WORK TASK: There is a line below that contains "this 1280×1700 image.". Please reproduce it and all following lines exactly, through the final one.

Referring expression grounding data:
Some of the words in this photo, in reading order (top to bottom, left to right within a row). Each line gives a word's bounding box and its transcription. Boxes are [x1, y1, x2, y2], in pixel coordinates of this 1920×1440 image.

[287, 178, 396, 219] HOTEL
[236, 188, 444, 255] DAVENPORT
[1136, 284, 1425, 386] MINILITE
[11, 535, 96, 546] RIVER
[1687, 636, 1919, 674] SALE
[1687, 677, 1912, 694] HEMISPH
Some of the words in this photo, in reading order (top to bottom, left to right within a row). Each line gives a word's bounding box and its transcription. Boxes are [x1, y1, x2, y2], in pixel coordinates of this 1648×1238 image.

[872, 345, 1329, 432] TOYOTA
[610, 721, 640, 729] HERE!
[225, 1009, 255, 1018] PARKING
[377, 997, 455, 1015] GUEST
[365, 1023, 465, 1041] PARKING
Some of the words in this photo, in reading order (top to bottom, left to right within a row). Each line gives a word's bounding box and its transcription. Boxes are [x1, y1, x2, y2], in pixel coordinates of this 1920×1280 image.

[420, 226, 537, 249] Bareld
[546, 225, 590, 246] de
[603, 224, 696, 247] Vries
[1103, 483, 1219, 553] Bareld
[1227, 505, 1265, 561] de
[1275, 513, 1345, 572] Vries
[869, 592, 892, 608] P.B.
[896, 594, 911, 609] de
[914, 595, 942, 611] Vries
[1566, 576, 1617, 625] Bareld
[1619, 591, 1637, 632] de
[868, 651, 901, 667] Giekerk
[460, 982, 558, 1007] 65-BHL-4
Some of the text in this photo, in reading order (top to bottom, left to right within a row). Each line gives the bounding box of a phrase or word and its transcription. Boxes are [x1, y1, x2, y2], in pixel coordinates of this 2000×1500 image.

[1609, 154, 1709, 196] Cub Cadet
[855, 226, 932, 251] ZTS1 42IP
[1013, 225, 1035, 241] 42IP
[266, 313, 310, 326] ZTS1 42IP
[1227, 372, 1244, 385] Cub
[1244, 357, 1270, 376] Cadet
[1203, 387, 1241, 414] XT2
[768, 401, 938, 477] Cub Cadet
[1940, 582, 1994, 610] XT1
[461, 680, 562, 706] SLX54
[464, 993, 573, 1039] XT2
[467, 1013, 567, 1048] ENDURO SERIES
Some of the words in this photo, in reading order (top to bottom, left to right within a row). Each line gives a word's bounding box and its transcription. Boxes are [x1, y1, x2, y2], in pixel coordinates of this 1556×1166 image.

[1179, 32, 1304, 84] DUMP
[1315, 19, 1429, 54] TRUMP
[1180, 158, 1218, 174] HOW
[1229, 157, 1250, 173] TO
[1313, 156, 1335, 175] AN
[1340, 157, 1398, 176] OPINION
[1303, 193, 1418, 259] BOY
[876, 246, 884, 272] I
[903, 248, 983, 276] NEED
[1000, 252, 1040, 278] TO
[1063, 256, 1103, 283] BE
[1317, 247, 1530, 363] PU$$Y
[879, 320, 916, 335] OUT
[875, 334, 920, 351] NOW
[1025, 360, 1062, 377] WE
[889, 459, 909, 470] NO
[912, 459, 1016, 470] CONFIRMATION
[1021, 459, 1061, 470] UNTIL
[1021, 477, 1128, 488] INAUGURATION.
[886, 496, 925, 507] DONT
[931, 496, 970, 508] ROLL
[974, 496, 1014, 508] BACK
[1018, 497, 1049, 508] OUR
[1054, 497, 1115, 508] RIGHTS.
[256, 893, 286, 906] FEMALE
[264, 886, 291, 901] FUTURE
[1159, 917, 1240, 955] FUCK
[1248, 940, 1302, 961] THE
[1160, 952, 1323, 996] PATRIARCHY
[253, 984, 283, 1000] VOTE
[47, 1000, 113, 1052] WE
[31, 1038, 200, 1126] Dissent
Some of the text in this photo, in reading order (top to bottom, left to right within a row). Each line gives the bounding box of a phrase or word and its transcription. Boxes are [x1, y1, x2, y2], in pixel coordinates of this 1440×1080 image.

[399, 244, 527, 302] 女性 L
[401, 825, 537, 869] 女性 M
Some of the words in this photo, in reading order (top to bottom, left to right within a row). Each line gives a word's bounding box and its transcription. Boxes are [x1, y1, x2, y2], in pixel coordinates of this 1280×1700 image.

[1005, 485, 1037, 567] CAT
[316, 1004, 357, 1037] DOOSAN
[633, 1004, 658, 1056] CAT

SOLVED PROBLEM:
Some of the words in this photo, in reading order (top to bottom, left to right within a row). Each line gives a word's bounding box and its transcription. Boxes are [x1, y1, x2, y2], in pixel coordinates of this 1280×1700 image.

[1005, 485, 1037, 567] CAT
[316, 1004, 357, 1037] DOOSAN
[633, 1004, 658, 1056] CAT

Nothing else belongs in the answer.